The study area covers Howe Sound and eastern Georgia Strait in southern British Columbia, Canada. From mid-July 2008 to September 2009, we conducted SCUBA-based timed counts along permanently marked line transects; one diver counted lingcod and rockfish and a second diver counted demersal crustaceans. Transects were spread over nine reefs at depths of 15–27 m below chart datum. Four reefs were within 1–2 km from each other and five were 5–15 km from other sampled reefs. Five reefs had two distinct sections differing in structural complexity where separate transects were established (i.e. 14 transects total). Individual transects were treated as independent spatial units and were sampled 12–22 times during the study (see the electronic supplementary material, table S1).

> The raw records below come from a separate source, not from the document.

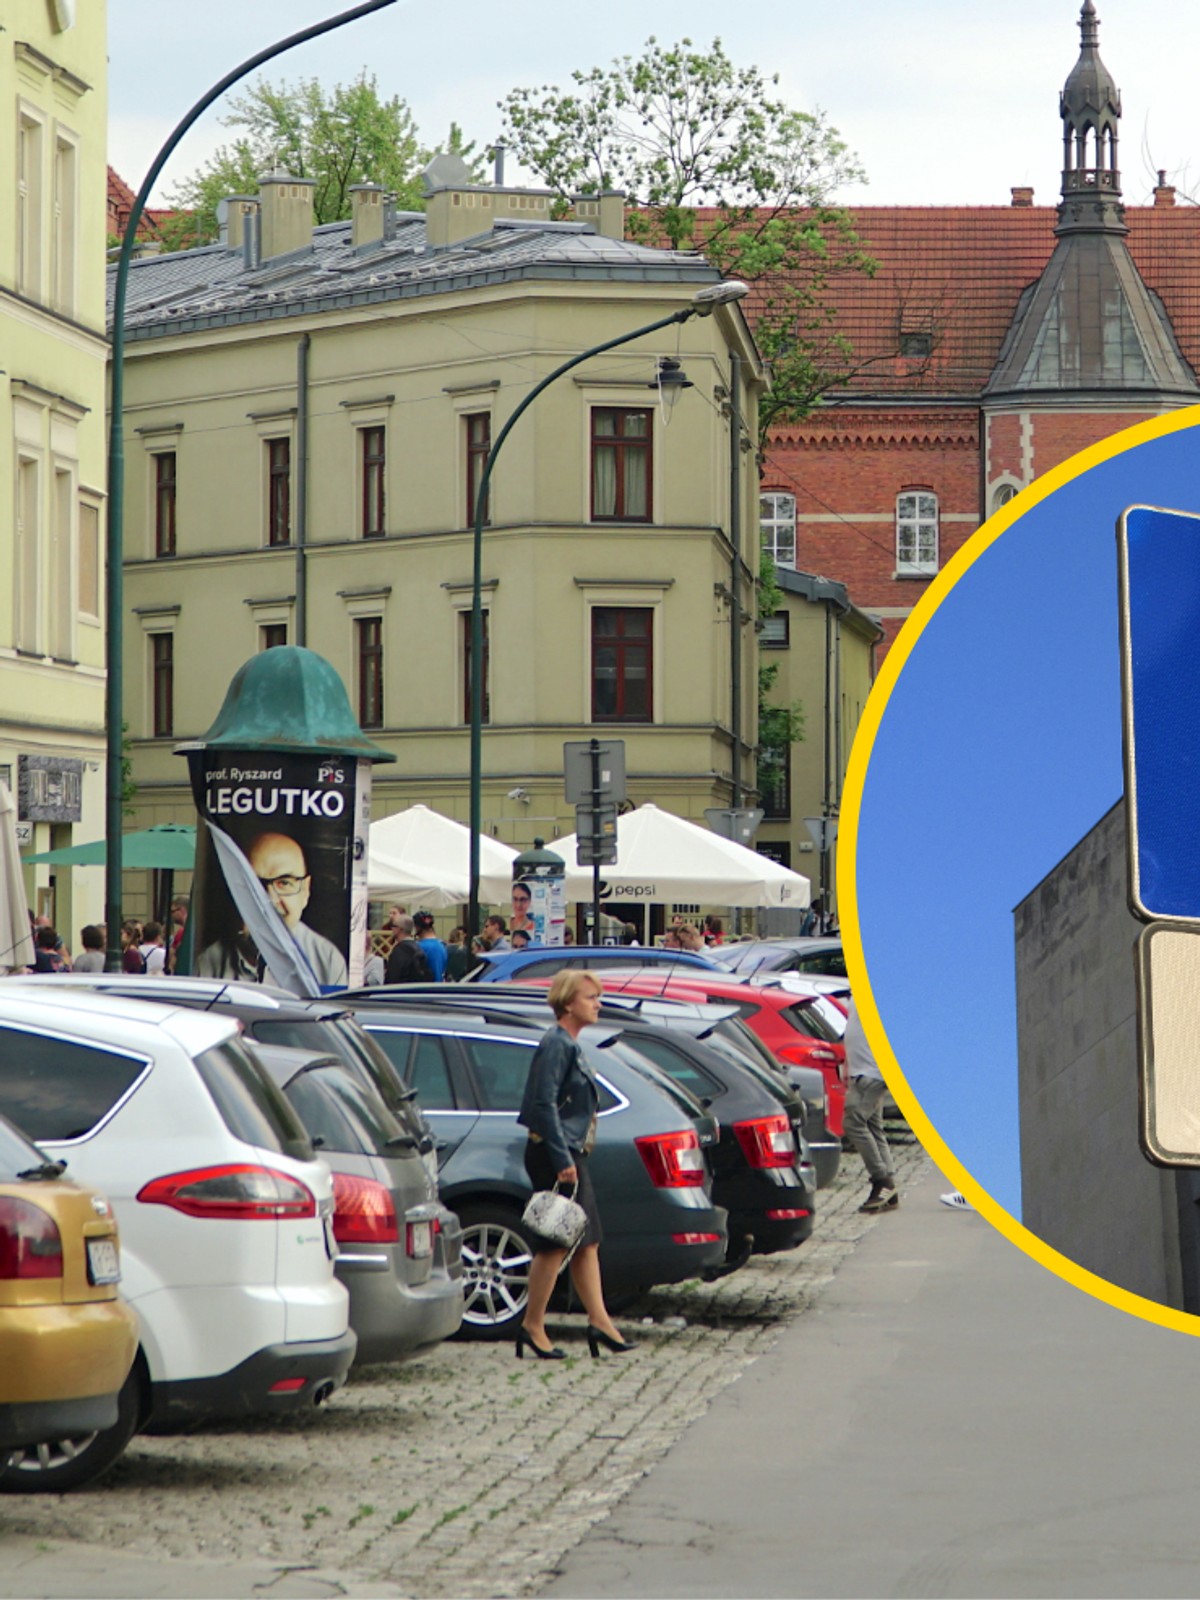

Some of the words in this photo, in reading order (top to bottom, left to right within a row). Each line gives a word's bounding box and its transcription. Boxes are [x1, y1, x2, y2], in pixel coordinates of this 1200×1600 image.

[206, 768, 228, 783] prof.
[230, 768, 282, 783] Ryszard
[318, 767, 344, 784] PiS
[206, 787, 344, 817] LEGUTKO
[615, 884, 656, 898] pepsi
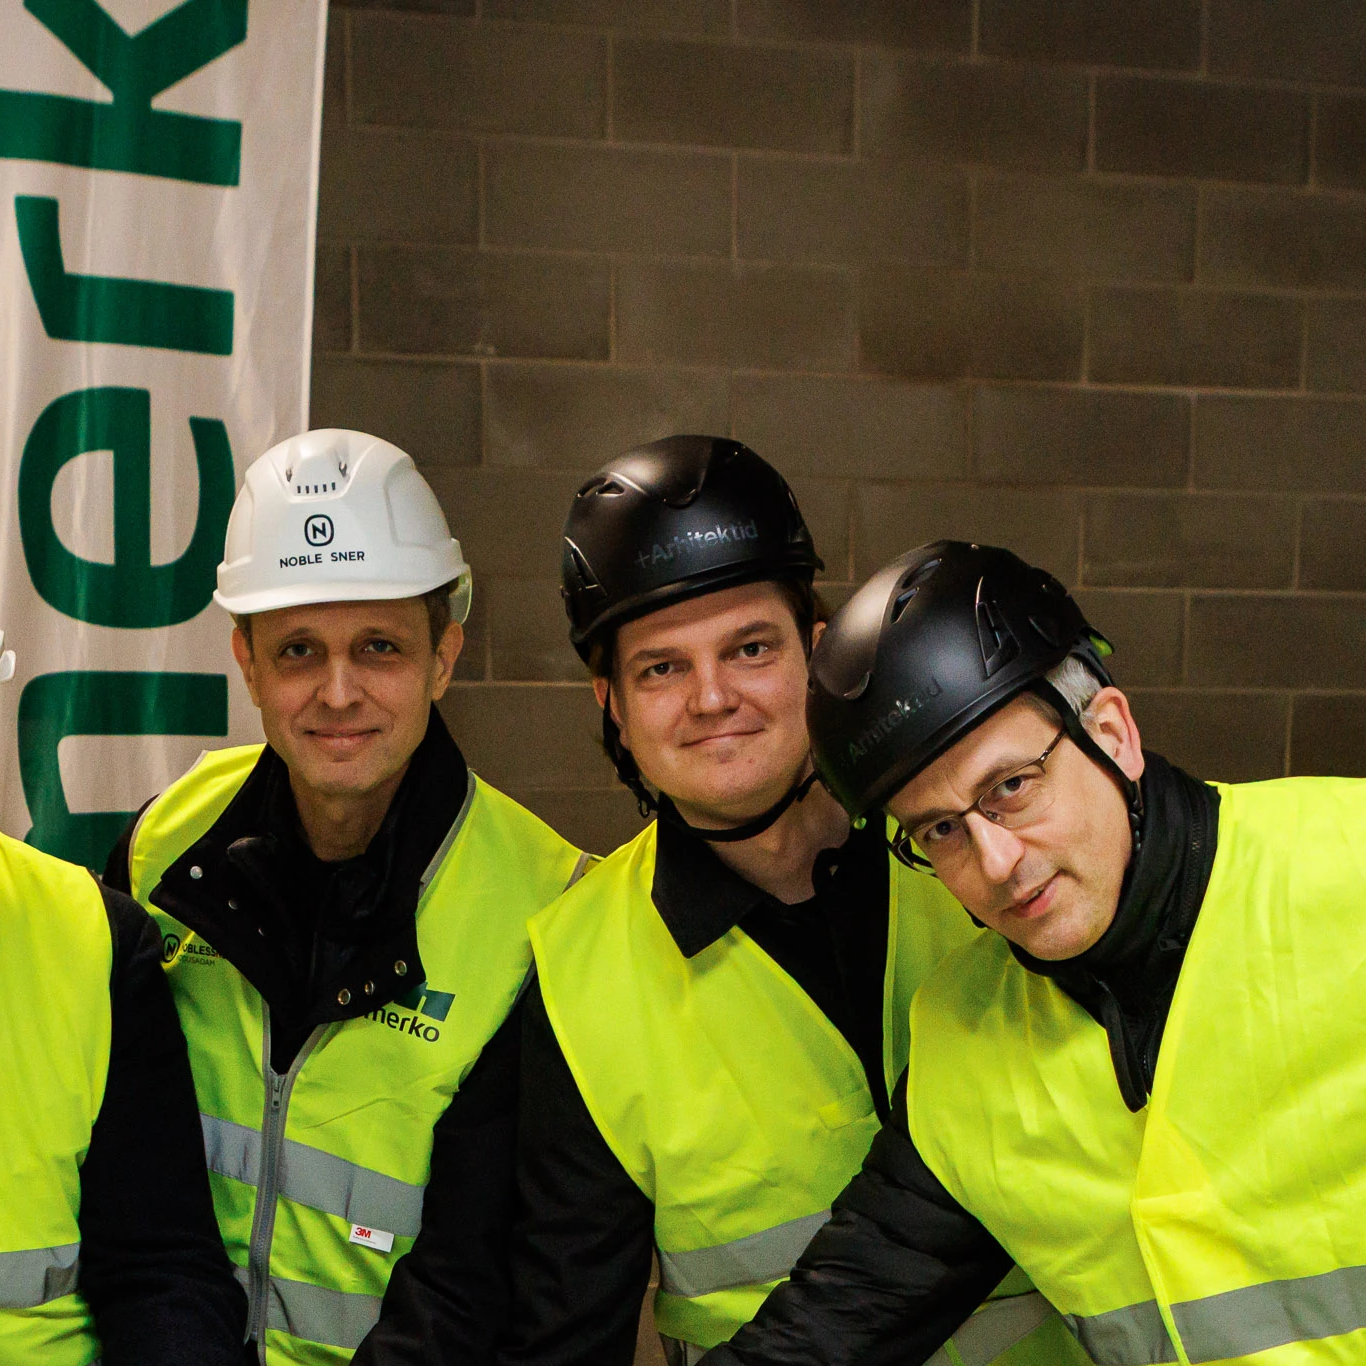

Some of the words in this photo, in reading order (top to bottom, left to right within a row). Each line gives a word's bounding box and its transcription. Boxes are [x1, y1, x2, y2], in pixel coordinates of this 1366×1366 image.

Structural habitat complexity, which affects rockfish positively (Marliave & Challenger 2009
), was indexed with rugosity measurements (see the electronic supplementary material, Supplemental Methods).
Analyses aggregated quillback and copper rockfish and focused on subadults (total length 8–19 cm) because their size-specific vulnerability to lingcod is greater than for larger rockfish (Beaudreau & Essington 2007
). Also, demersal crustaceans are more important diet items for subadult than for adult rockfish (Murie 1995
), and our methods tallied demersal crustaceans accurately. Demersal shrimps—namely Pandalus danae
and smaller-bodied genera unidentifiable from stomach contents—are major prey items year round (Murie 1995
). At our sites, small-bodied genera of shrimp consisted primarily of Eualus
, which we aggregated into one group named EUHEL. Although rockfish use the inside of rocky crevices year round, during winter this habitat preference increases and activity levels decrease (Carlson & Barr 1977
; see the electronic supplementary material, figure S1).
We partitioned data into four periods. Period 1 covered mid-July to early December 2008 (summer and autumn). Period 2 covered late December 2008 to early April 2009 (winter). Period 3 covered mid April to late June 2009 (spring). Period 4 replicated summer (early July to early September 2009).
From the natural history of the system and the frameworks of trophic cascade and apparent competition, we made the following predictions. First, the abundance of subadult rockfish is negatively affected by the abundance of lingcod but positively affected by the abundances of Pandalus and EUHEL (i.e. rockfish prefer sites with more food resources) and by structural habitat complexity. Because rockfish prey on shrimp, however, subadult rockfish negatively affect the abundances of Pandalus and EUHEL (i.e. rockfish-shrimp relationships are non-recursive or bidirectional). If the above direct relationships between trophic levels were to be found, we expected rockfish to mediate an indirect positive effect of lingcod on shrimps, indicative of a trophic cascade, and an indirect negative relationship between the abundances of Pandalus and EUHEL, indicative of apparent competition. Finally, we expected data to support these predictions year-round, except for winter, when rockfish use of crevices increases and activity levels decrease.
We tested predictions using counts per minute (CPM) for each taxon (transformed as log10
(CPM + 1)) and rugosity measures to build a structural equation model (s.e.m. or path analysis) with the RAMONA procedure of Systat
12 (Browne 2007
). The model included direct recursive paths (assuming unidirectional causation) from lingcod to rockfish and rugosity to each of rockfish and both shrimp groups, and non-recursive direct paths between rockfish and each shrimp group. A Pandalus
-to-EUHEL direct path was included because the former may prey on the latter (Jensen 1995
). Stomach content data suggest that lingcod consume rockfish never, rarely and commonly when total lengths are less than 40 cm, 40–49 cm, and more than 50 cm, respectively (Beaudreau & Essington 2007
). The s.e.m., therefore, excluded lingcod with total lengths less than 50 cm.
RAMONA cannot include nominal variables (e.g. for transect location) and, consequently, rugosity values controlled for location effects. This approach is justifiable because rugosity values, which were distinct for most locations, are a biologically meaningful representation of location effects (see the electronic supplementary material, figure S2). Relative abundances of each taxon varied temporally within most transect locations (see the electronic supplementary material, figure S3). Consequently, results reflect the combined effects of time and space. (Partitioning these effects would have required greater sample sizes than ours.)
Indirect path coefficients were calculated by multiplying direct path coefficients that involved mediating variables. Variances and 90% CI for indirect path coefficients were calculated, respectively, with eqns (4) and (6) of Mackinnon et al. (2007)
We first applied the s.e.m. to non-winter periods aggregated. The robustness of results was confirmed by applying the same s.e.m. to each period separately.